Comment les banques centrales peuvent-elles s’y prendre, afin de définir des politiques monétaires efficaces dans ce contexte ?
Je pense qu’il faut une combinaison de réformes politiques traditionnelles, afin de renforcer la résilience de la région. Et cela incombe d’abord aux décideurs politiques. L’action des banques centrales dépend du niveau de l’inflation auquel chaque pays est confronté ou de ce que prévoit ce dernier à moyen terme. Les taux d’inflation varient considérablement d’un pays à l’autre. Mais dans l’ensemble, nous constatons que le niveau d’inflation est généralement beaucoup plus élevé que ce que nous avons connu depuis de nombreuses années. Encore une fois, il y a beaucoup de différenciation. Il est donc difficile de généraliser. Mais l’expérience a montré qu’il faut beaucoup plus se concentrer sur l’inflation. Réduire l’inflation est important. Souvent, lorsque je dis cela, les gens me demandent si ce n’est pas au prix d’une croissance plus faible ou d’un risque de croissance plus faible. Mais mon avis est le suivant : l’inflation a des effets sur le coût de la vie, particulièrement celui des pauvres. Il est préférable que la croissance à moyen terme soit compromise, plutôt que la politique monétaire soit resserrée.

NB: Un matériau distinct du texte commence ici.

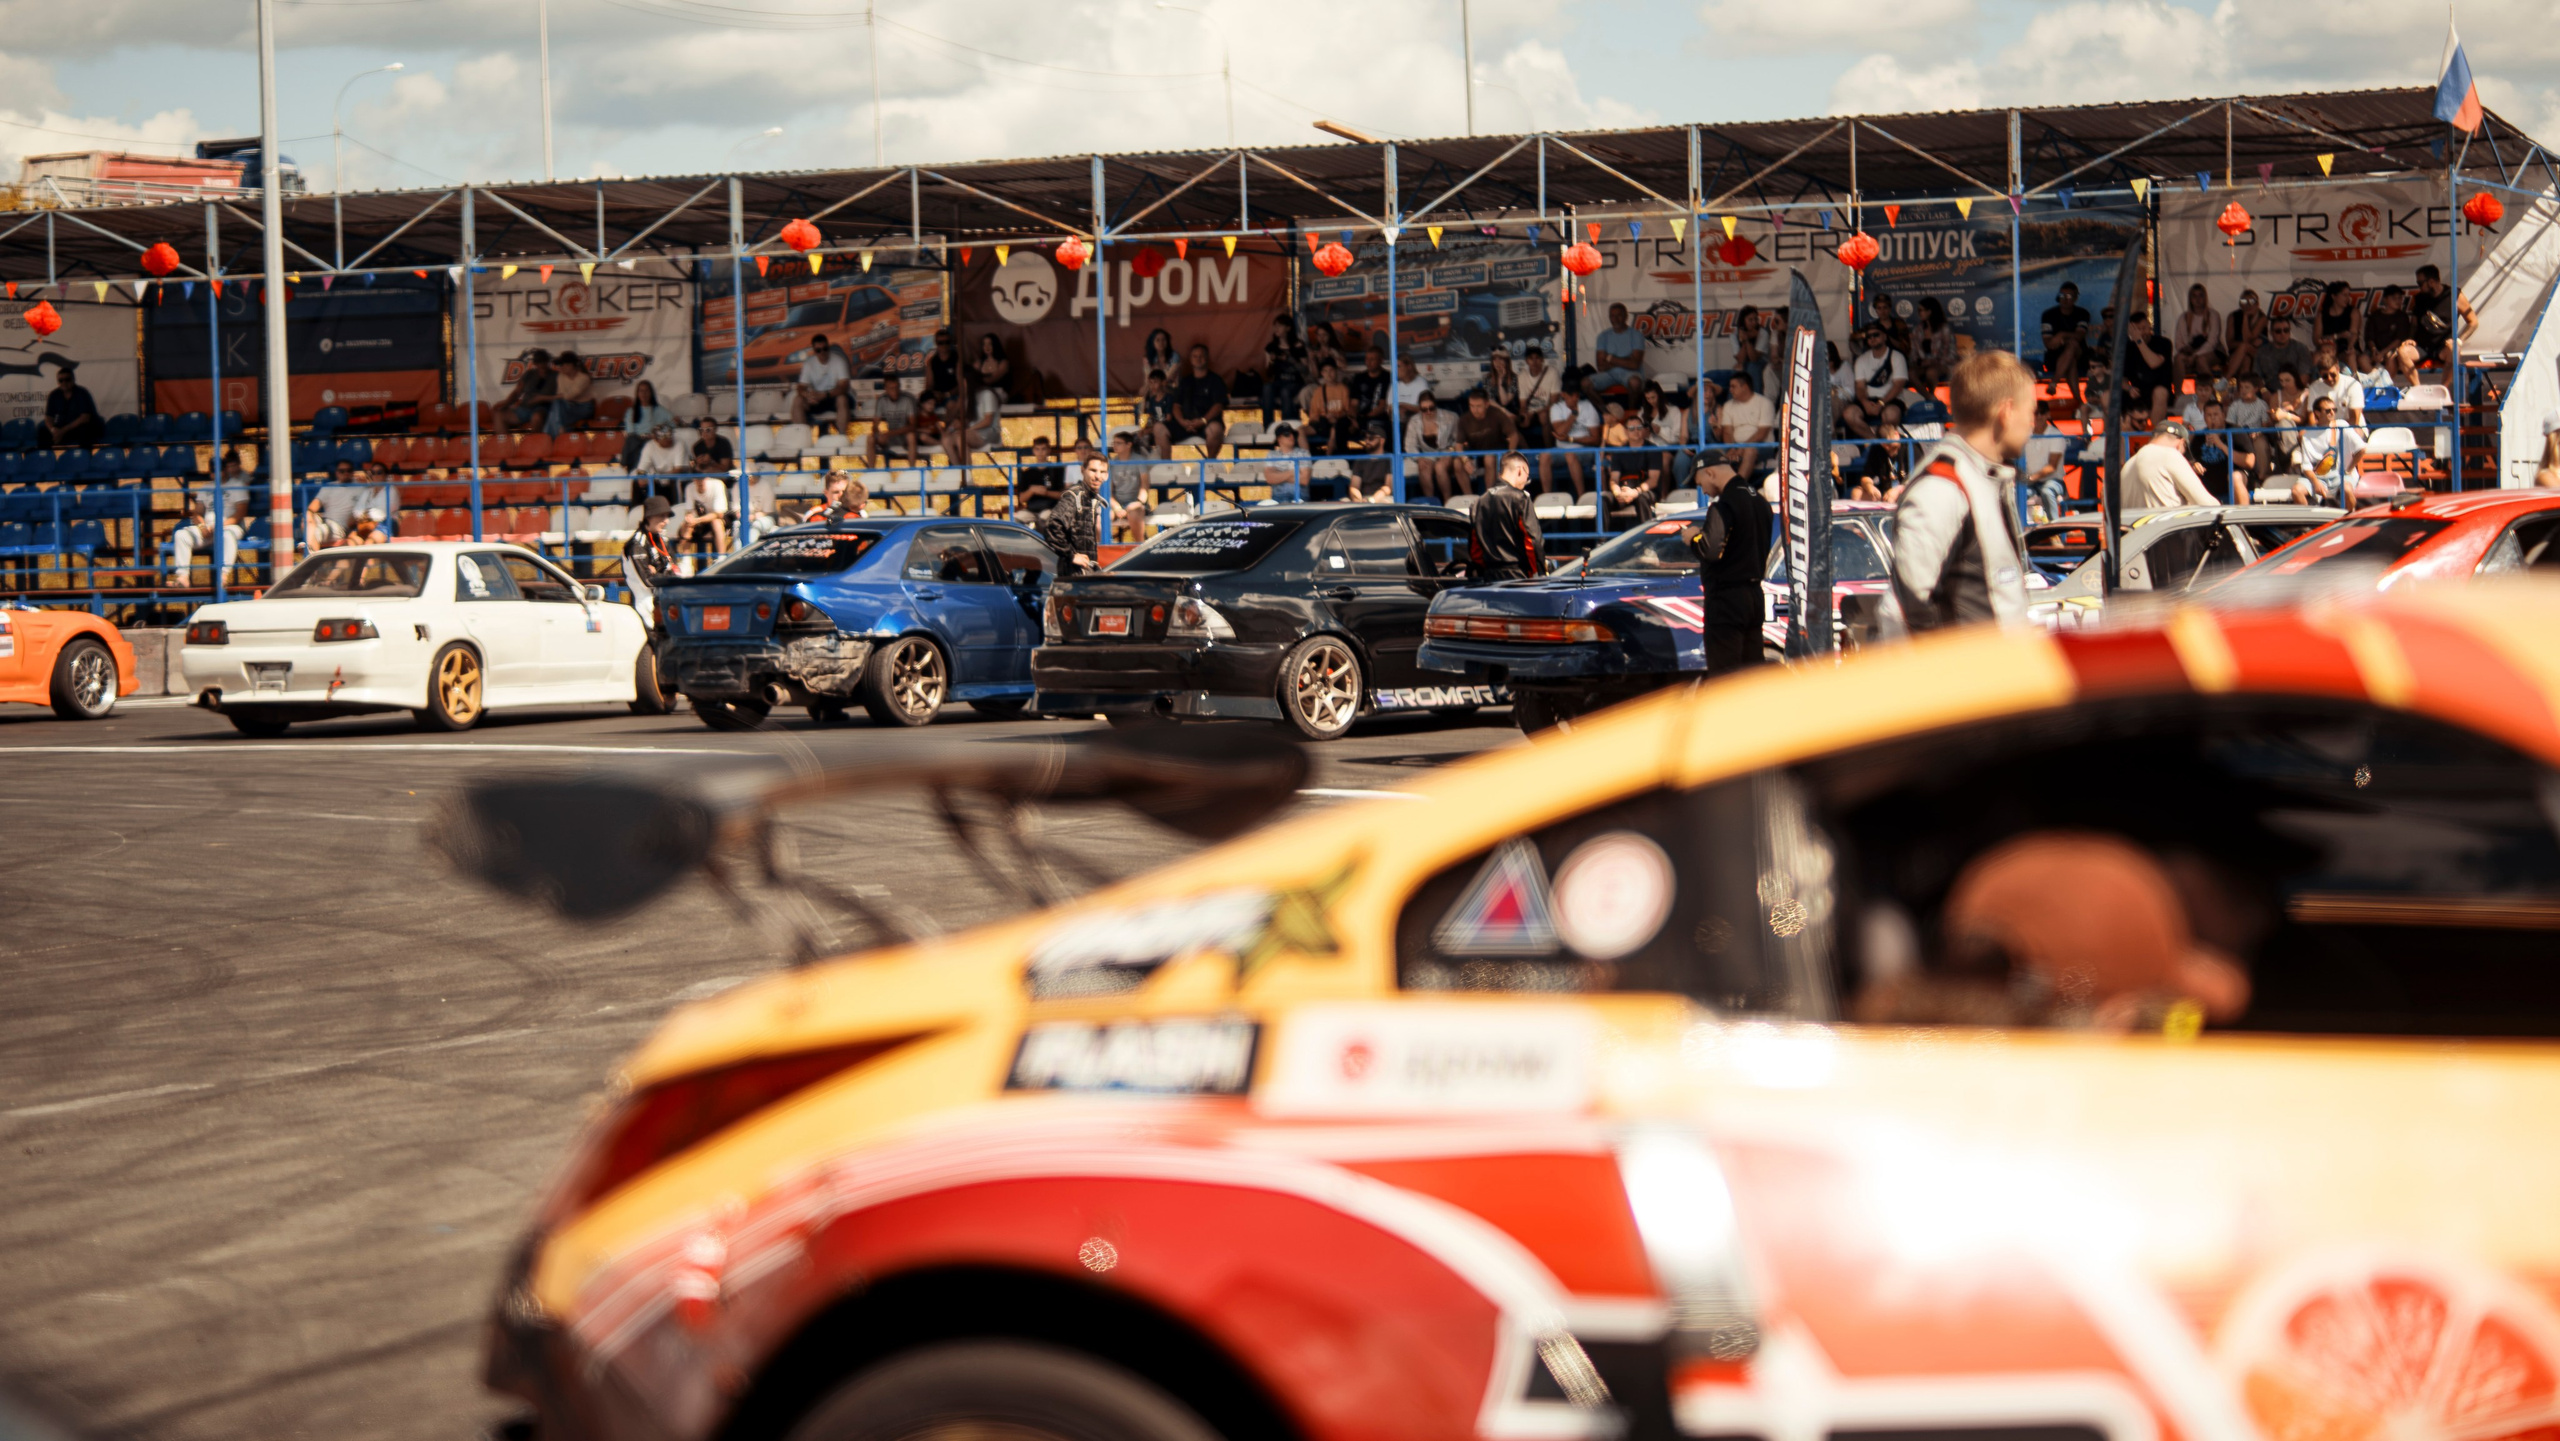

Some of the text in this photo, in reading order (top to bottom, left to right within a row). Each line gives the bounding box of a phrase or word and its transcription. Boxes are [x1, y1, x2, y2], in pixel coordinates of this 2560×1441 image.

[1878, 229, 1977, 262] ОТПУСК
[2332, 248, 2388, 259] TEAM
[472, 281, 684, 318] STROKER

Il faut donc mettre davantage l’accent sur l’inflation, en augmentant les taux d’intérêt en particulier dans les pays ayant adopté un régime de ciblage de l’inflation, et en resserrant les conditions de liquidité dans les pays qui ont tendance à s’appuyer davantage sur la politique monétaire.
C’est aussi un moment très important pour permettre aux taux de change de s’ajuster, parce que pour la plupart, la raison pour laquelle le dollar se renforce est exogène. Mais les actions de politique monétaire doivent également être soutenues par des réformes fiscales, en veillant à ce que les ressources limitées dont disposent les gouvernements soient affectées à la protection des services de base, à la santé, à l’éducation et à la protection sociale, compte tenu de la difficulté des conditions actuelles. Cela est très important.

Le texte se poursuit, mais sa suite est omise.